#### WORK TO COMPLETE:
Reproduce the listing that follows word for word, without its pictures.

#### EXERCISE DATA:
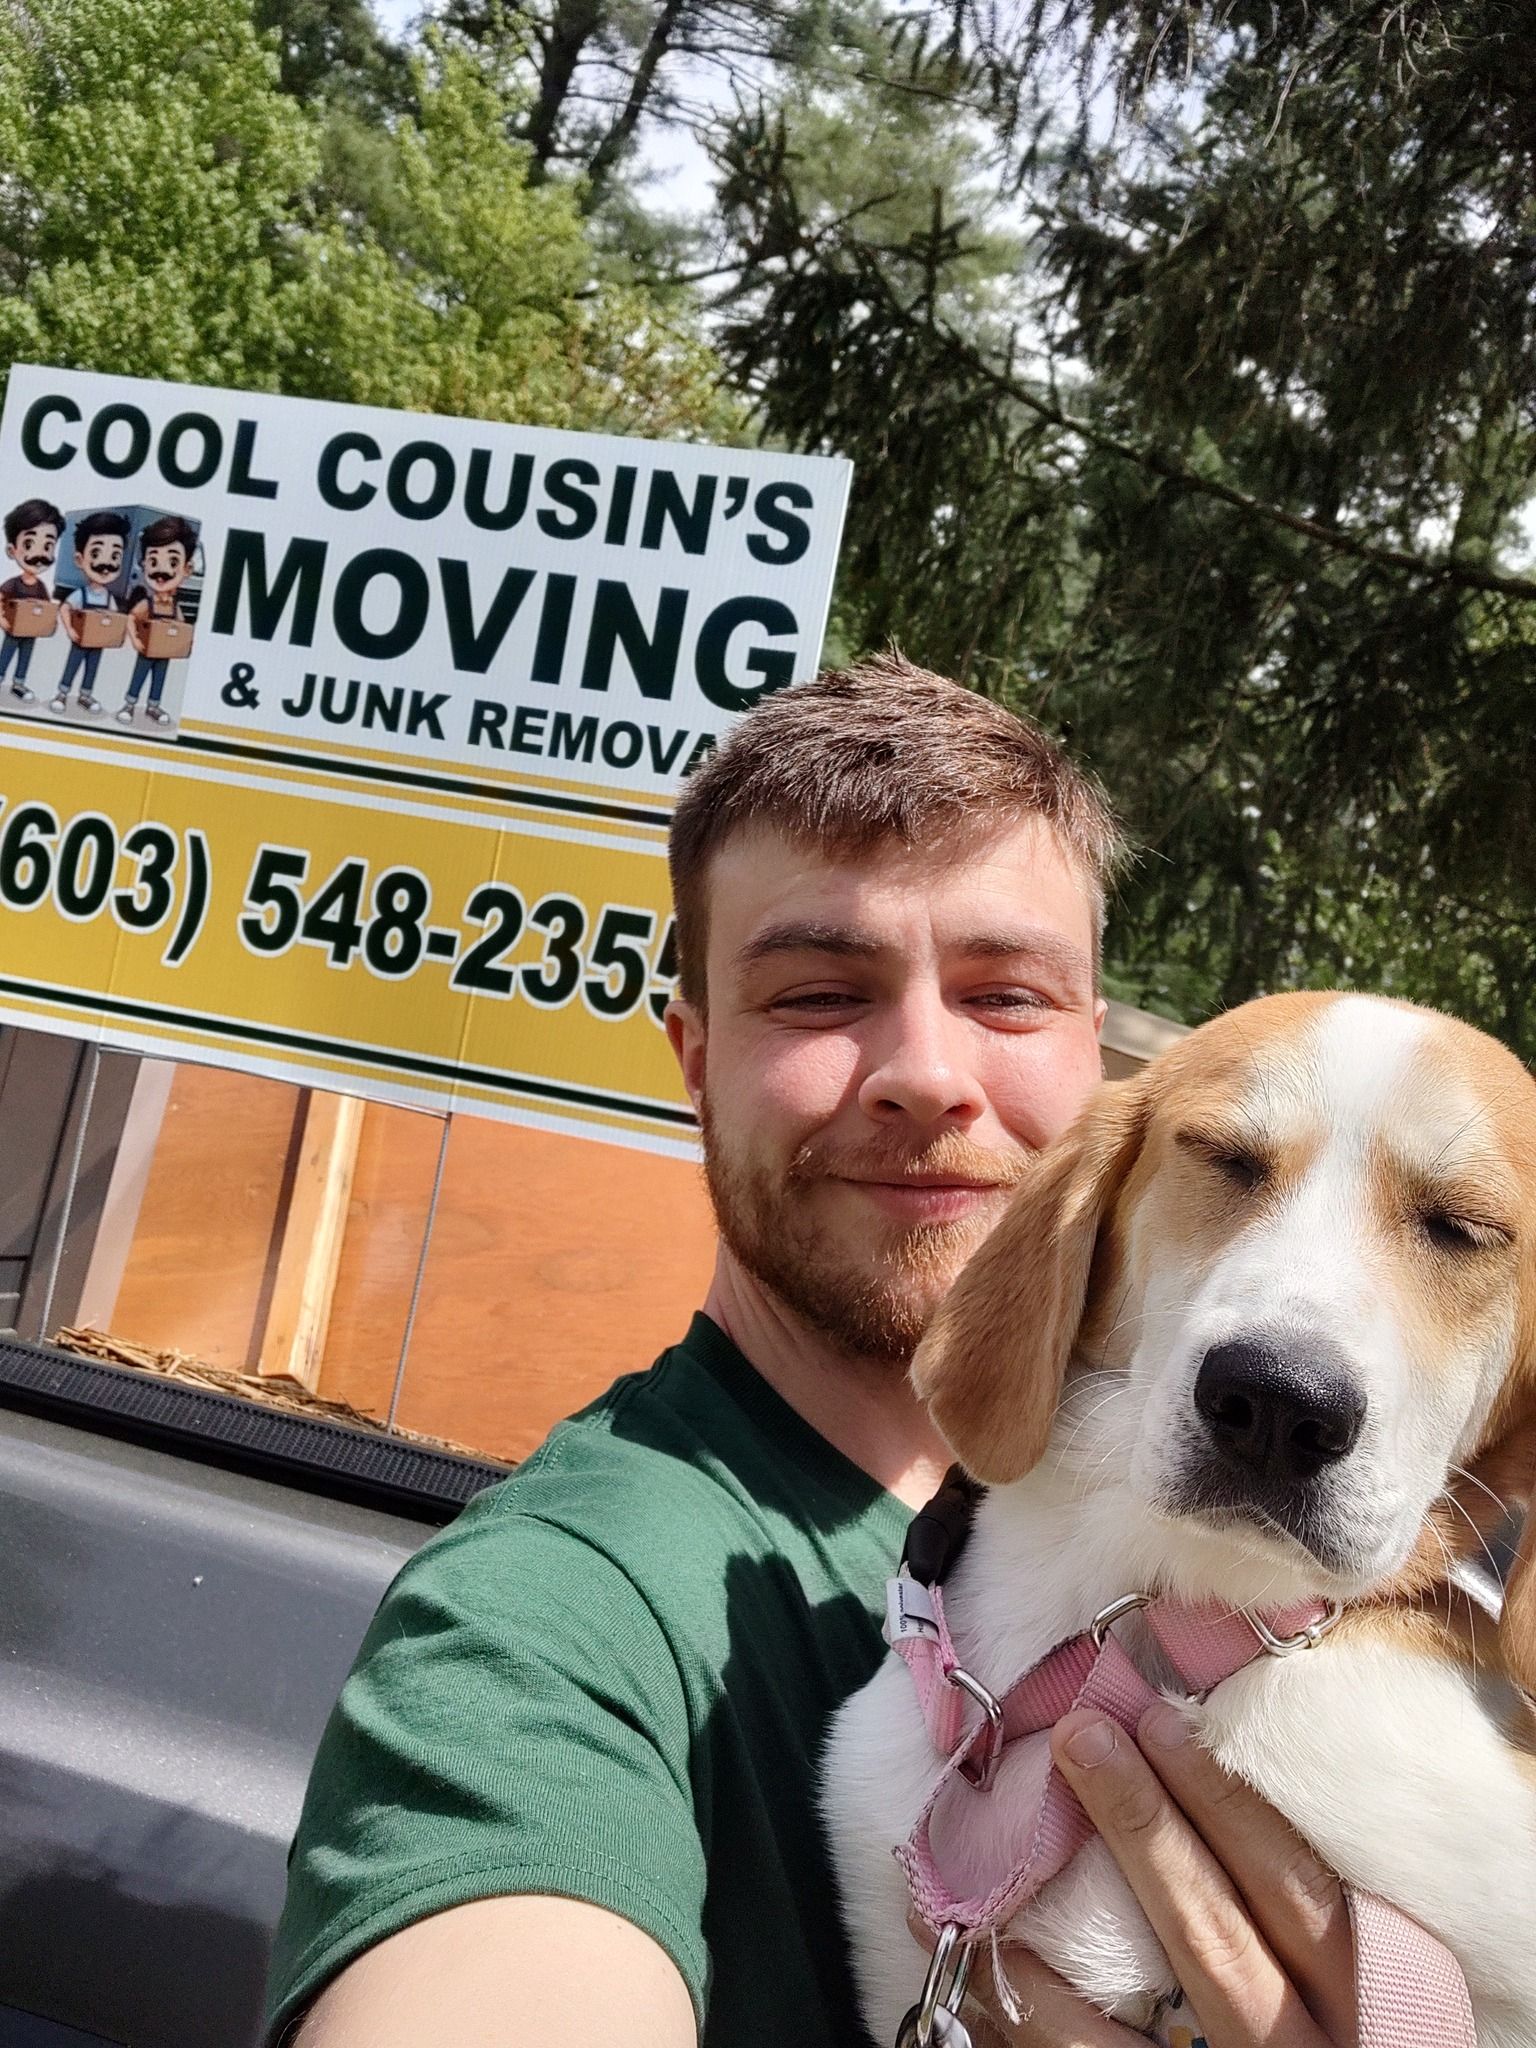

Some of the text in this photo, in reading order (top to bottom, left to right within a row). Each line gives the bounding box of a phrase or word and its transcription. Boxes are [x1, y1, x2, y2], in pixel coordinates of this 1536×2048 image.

[21, 394, 814, 566] COOL COUSIN'S
[211, 527, 799, 713] MOVING
[220, 662, 719, 778] & JUNK REMOVA
[0, 796, 212, 969] 603)

#### RESULT OF THIS EXERCISE:
Some of the text in this photo, in reading order (top to bottom, left to right within a row). Each line gives the bounding box of a phrase or word and its transcription. Boxes are [x1, y1, x2, y2], in pixel coordinates of this 1536×2048 image.

[21, 394, 814, 566] COOL COUSIN'S
[211, 527, 799, 713] MOVING
[220, 662, 719, 778] & JUNK REMOVA
[0, 796, 212, 969] 603)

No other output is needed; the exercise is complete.